A Caluso scuole protagoniste per ricordare la Liberazione
CALUSO.Cominciano con una settimana di anticipo a Caluso le manifestazioni in occasione del 25 aprile, festa della Liberazione.
L'assessorato alla Cultura del Comune in collaborazione con l'Anpi di Caluso, Cuorgnè e Settimo, la scuola media Gozzano, il liceo Martinetti e l'istituto professionale di Stato per l'agricoltura e l'ambiente Ubertini, hanno organizzato un cartellone di iniziative che ha alzato il sipario già nella mattinata di sabato 16 aprile, al teatro S. Andrea.

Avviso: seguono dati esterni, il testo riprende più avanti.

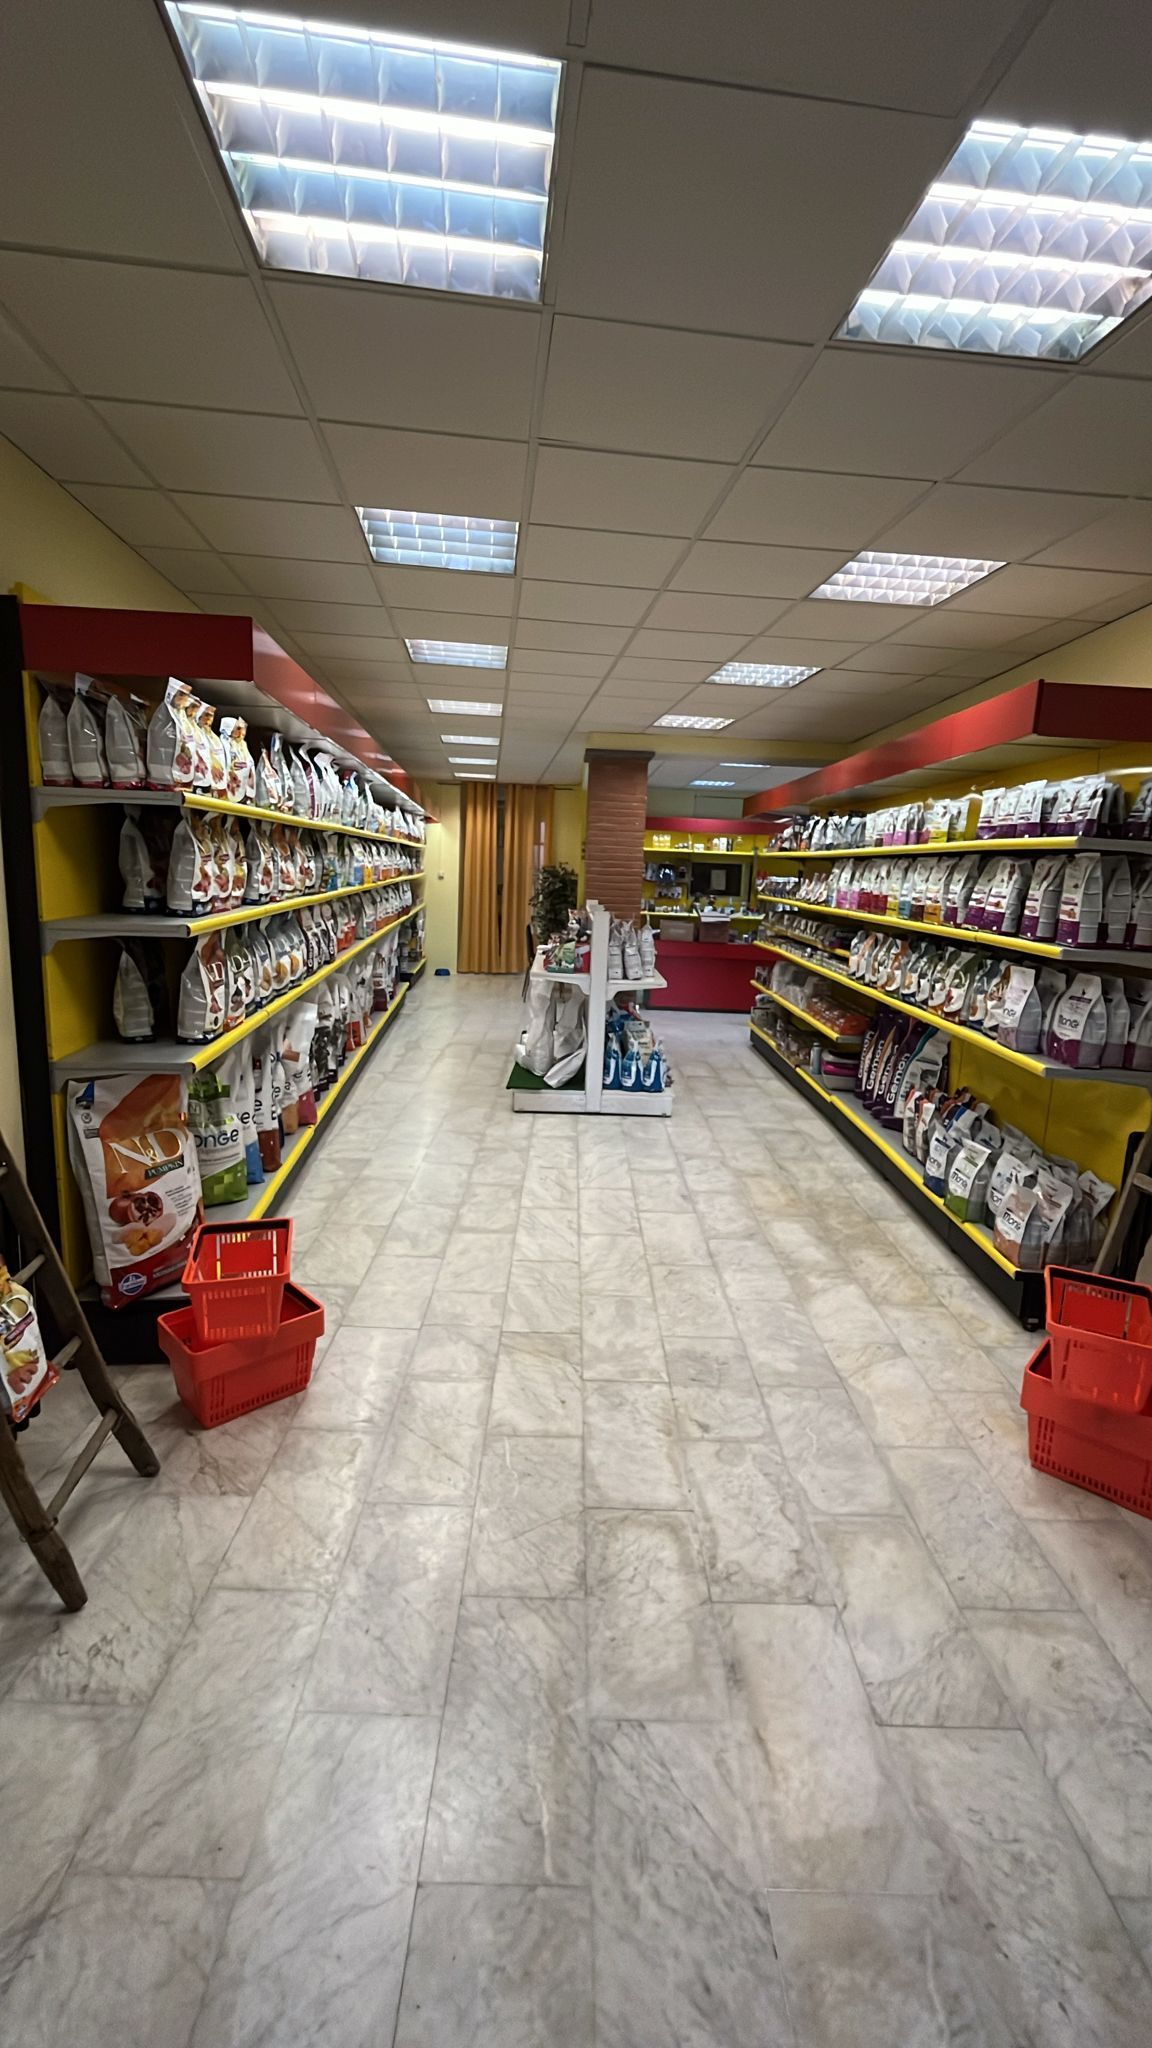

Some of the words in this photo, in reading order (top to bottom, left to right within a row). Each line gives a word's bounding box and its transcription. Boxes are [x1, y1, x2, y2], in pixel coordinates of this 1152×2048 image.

[866, 1040, 885, 1090] Gemon
[886, 1052, 911, 1104] Gemon
[109, 1127, 184, 1174] N&D
[148, 1157, 184, 1178] PUMPKIN
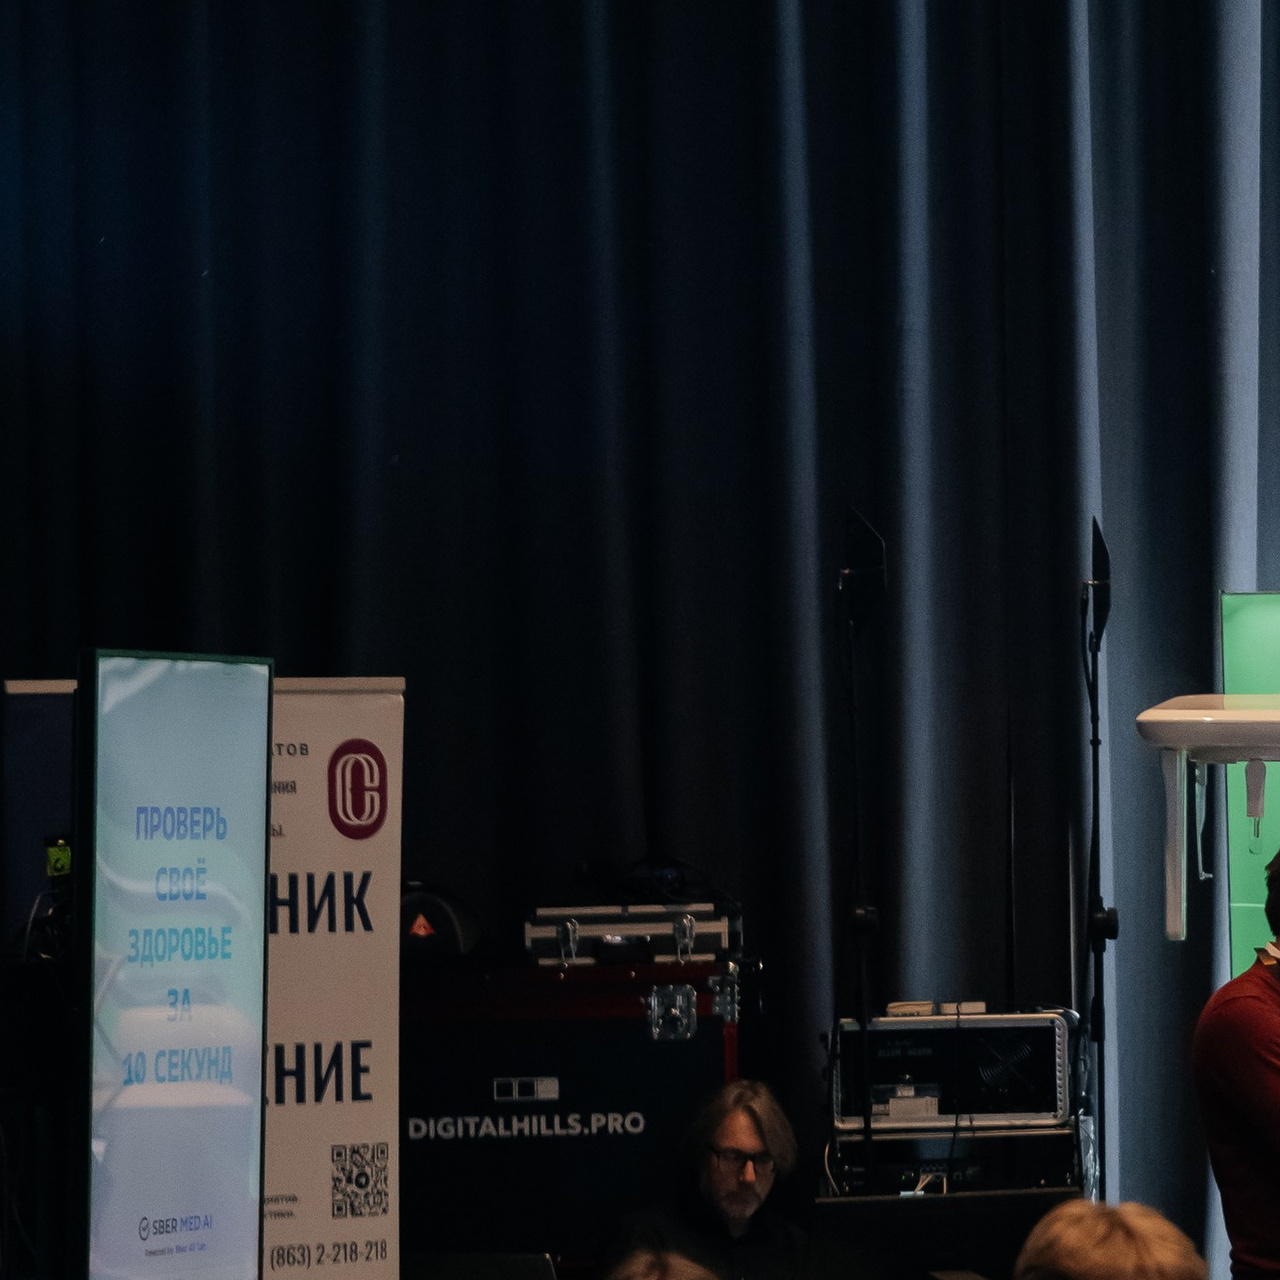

‘Per non dimenticare' è il titolo scelto per l'evento che ha raccolto in parole, documenti ed in una proiezione sulla guerra di liberazione, le sofferenze, le lotte, i significati di un momento saliente della storia d'Italia. A condurre il filo della trattazione è stato il professor Cesare Polcari, studioso tra i maggiori conoscitori di quel periodo, mentre le riflessioni sono state affidate agli alunni delle classi terze della Gozzano.
Presenti all'iniziativa erano i sindaci di Caluso, di San Giorgio e di San Giusto. La mattinata si è poi conclusa con la deposizione di una corona di fiori alla lapide dei Caduti in via Roma.
Contemporaneamente nella chiesa di S. Marta si è aperta la mostra ‘Fiori di sangue nella neve', poesie, documenti e immagini della resistenza, curata dalle sezioni Anpi di Caluso e di Cuorgnè e dal liceo Martinetti. Dal 23 aprile fino all'8 maggio inoltre sarà possibile visitare a Palazzo Valperga di Barone (l'asilo Guala) la mostra ‘Deportazione nei campi di sterminio e resistenza' allestita dall'Anpi di Settimo con la collaborazione dell'Istituto Ubertini.
Domenica 24 aprile alle 21 la sala conferenze del chiostro ospiterà una lettura di poesie partigiane affidate all'attore Tommaso Amadio. Per lunedì 25 aprile è previsto infine lo svolgimento della cerimonia ufficiale con le autorità cittadine. (l.m.)